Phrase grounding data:
--
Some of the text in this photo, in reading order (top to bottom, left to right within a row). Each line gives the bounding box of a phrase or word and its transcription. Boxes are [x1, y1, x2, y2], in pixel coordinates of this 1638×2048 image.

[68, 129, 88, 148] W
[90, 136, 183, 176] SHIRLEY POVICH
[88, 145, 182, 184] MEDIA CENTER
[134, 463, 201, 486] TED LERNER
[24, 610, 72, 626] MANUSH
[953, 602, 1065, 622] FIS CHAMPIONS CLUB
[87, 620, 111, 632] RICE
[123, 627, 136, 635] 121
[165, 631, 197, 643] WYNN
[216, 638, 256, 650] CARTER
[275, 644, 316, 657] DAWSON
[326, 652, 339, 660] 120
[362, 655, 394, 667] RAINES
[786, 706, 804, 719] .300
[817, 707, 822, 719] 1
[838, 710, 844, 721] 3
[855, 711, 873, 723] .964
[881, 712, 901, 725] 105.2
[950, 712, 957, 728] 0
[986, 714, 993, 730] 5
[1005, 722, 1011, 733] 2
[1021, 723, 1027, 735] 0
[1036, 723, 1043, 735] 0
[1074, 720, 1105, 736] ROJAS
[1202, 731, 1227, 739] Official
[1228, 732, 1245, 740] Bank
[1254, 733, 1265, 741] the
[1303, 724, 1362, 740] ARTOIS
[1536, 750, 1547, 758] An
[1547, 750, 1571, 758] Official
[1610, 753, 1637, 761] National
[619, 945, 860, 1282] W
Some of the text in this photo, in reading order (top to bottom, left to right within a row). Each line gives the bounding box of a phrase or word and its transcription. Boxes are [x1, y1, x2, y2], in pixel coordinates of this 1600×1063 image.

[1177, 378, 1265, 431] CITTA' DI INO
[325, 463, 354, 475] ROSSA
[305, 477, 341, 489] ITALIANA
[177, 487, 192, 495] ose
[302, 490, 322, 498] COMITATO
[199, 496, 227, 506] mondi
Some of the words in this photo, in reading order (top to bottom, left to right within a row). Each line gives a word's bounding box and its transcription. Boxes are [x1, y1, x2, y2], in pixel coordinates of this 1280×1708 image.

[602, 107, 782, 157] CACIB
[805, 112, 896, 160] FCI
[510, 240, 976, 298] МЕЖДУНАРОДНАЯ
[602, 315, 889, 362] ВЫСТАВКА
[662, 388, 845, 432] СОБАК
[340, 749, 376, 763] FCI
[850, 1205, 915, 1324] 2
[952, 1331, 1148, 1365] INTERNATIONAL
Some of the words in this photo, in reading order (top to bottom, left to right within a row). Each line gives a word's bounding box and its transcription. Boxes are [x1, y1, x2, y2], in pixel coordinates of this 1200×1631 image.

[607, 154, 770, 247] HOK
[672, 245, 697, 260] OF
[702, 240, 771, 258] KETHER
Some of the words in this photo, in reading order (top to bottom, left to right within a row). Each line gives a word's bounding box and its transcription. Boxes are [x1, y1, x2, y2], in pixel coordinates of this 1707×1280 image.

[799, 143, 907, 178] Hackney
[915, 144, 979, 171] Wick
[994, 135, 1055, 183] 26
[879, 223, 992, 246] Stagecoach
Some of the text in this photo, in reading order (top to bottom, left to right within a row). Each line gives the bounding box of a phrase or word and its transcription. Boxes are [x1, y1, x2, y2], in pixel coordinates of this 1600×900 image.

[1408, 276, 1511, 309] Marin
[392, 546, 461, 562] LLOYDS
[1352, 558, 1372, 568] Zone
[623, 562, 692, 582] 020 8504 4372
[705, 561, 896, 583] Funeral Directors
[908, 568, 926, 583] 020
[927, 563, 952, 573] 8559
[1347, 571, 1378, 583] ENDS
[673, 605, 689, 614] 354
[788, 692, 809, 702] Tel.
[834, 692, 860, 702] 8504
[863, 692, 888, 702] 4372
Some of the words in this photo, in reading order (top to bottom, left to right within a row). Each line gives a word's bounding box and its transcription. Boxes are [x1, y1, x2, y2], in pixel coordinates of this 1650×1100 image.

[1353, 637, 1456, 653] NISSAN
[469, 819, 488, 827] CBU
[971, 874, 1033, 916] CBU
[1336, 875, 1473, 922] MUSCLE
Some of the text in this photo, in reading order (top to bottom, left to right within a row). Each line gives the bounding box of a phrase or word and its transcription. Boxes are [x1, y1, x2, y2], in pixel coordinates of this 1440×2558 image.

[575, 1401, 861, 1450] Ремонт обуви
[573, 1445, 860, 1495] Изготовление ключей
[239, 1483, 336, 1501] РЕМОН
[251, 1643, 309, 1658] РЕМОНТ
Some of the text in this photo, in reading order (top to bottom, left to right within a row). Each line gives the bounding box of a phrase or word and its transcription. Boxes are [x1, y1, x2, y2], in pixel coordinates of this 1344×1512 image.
--
Print every entry exactly as it appears.

Some of the text in this photo, in reading order (top to bottom, left to right within a row). Each line gives the bounding box of a phrase or word and its transcription. Boxes are [x1, y1, x2, y2], in pixel coordinates of this 1638×2048 image.

[68, 129, 88, 148] W
[90, 136, 183, 176] SHIRLEY POVICH
[88, 145, 182, 184] MEDIA CENTER
[134, 463, 201, 486] TED LERNER
[24, 610, 72, 626] MANUSH
[953, 602, 1065, 622] FIS CHAMPIONS CLUB
[87, 620, 111, 632] RICE
[123, 627, 136, 635] 121
[165, 631, 197, 643] WYNN
[216, 638, 256, 650] CARTER
[275, 644, 316, 657] DAWSON
[326, 652, 339, 660] 120
[362, 655, 394, 667] RAINES
[786, 706, 804, 719] .300
[817, 707, 822, 719] 1
[838, 710, 844, 721] 3
[855, 711, 873, 723] .964
[881, 712, 901, 725] 105.2
[950, 712, 957, 728] 0
[986, 714, 993, 730] 5
[1005, 722, 1011, 733] 2
[1021, 723, 1027, 735] 0
[1036, 723, 1043, 735] 0
[1074, 720, 1105, 736] ROJAS
[1202, 731, 1227, 739] Official
[1228, 732, 1245, 740] Bank
[1254, 733, 1265, 741] the
[1303, 724, 1362, 740] ARTOIS
[1536, 750, 1547, 758] An
[1547, 750, 1571, 758] Official
[1610, 753, 1637, 761] National
[619, 945, 860, 1282] W
Some of the text in this photo, in reading order (top to bottom, left to right within a row). Each line gives the bounding box of a phrase or word and its transcription. Boxes are [x1, y1, x2, y2], in pixel coordinates of this 1600×1063 image.

[1177, 378, 1265, 431] CITTA' DI INO
[325, 463, 354, 475] ROSSA
[305, 477, 341, 489] ITALIANA
[177, 487, 192, 495] ose
[302, 490, 322, 498] COMITATO
[199, 496, 227, 506] mondi
Some of the words in this photo, in reading order (top to bottom, left to right within a row). Each line gives a word's bounding box and its transcription. Boxes are [x1, y1, x2, y2], in pixel coordinates of this 1280×1708 image.

[602, 107, 782, 157] CACIB
[805, 112, 896, 160] FCI
[510, 240, 976, 298] МЕЖДУНАРОДНАЯ
[602, 315, 889, 362] ВЫСТАВКА
[662, 388, 845, 432] СОБАК
[340, 749, 376, 763] FCI
[850, 1205, 915, 1324] 2
[952, 1331, 1148, 1365] INTERNATIONAL
Some of the words in this photo, in reading order (top to bottom, left to right within a row). Each line gives a word's bounding box and its transcription. Boxes are [x1, y1, x2, y2], in pixel coordinates of this 1200×1631 image.

[607, 154, 770, 247] HOK
[672, 245, 697, 260] OF
[702, 240, 771, 258] KETHER
Some of the words in this photo, in reading order (top to bottom, left to right within a row). Each line gives a word's bounding box and its transcription. Boxes are [x1, y1, x2, y2], in pixel coordinates of this 1707×1280 image.

[799, 143, 907, 178] Hackney
[915, 144, 979, 171] Wick
[994, 135, 1055, 183] 26
[879, 223, 992, 246] Stagecoach
Some of the text in this photo, in reading order (top to bottom, left to right within a row). Each line gives the bounding box of a phrase or word and its transcription. Boxes are [x1, y1, x2, y2], in pixel coordinates of this 1600×900 image.

[1408, 276, 1511, 309] Marin
[392, 546, 461, 562] LLOYDS
[1352, 558, 1372, 568] Zone
[623, 562, 692, 582] 020 8504 4372
[705, 561, 896, 583] Funeral Directors
[908, 568, 926, 583] 020
[927, 563, 952, 573] 8559
[1347, 571, 1378, 583] ENDS
[673, 605, 689, 614] 354
[788, 692, 809, 702] Tel.
[834, 692, 860, 702] 8504
[863, 692, 888, 702] 4372
Some of the words in this photo, in reading order (top to bottom, left to right within a row). Each line gives a word's bounding box and its transcription. Boxes are [x1, y1, x2, y2], in pixel coordinates of this 1650×1100 image.

[1353, 637, 1456, 653] NISSAN
[469, 819, 488, 827] CBU
[971, 874, 1033, 916] CBU
[1336, 875, 1473, 922] MUSCLE
Some of the text in this photo, in reading order (top to bottom, left to right within a row). Each line gives the bounding box of a phrase or word and its transcription. Boxes are [x1, y1, x2, y2], in pixel coordinates of this 1440×2558 image.

[575, 1401, 861, 1450] Ремонт обуви
[573, 1445, 860, 1495] Изготовление ключей
[239, 1483, 336, 1501] РЕМОН
[251, 1643, 309, 1658] РЕМОНТ
Some of the text in this photo, in reading order (top to bottom, left to right within a row). Each line gives the bounding box of a phrase or word and its transcription. Boxes are [x1, y1, x2, y2], in pixel coordinates of this 1344×1512 image.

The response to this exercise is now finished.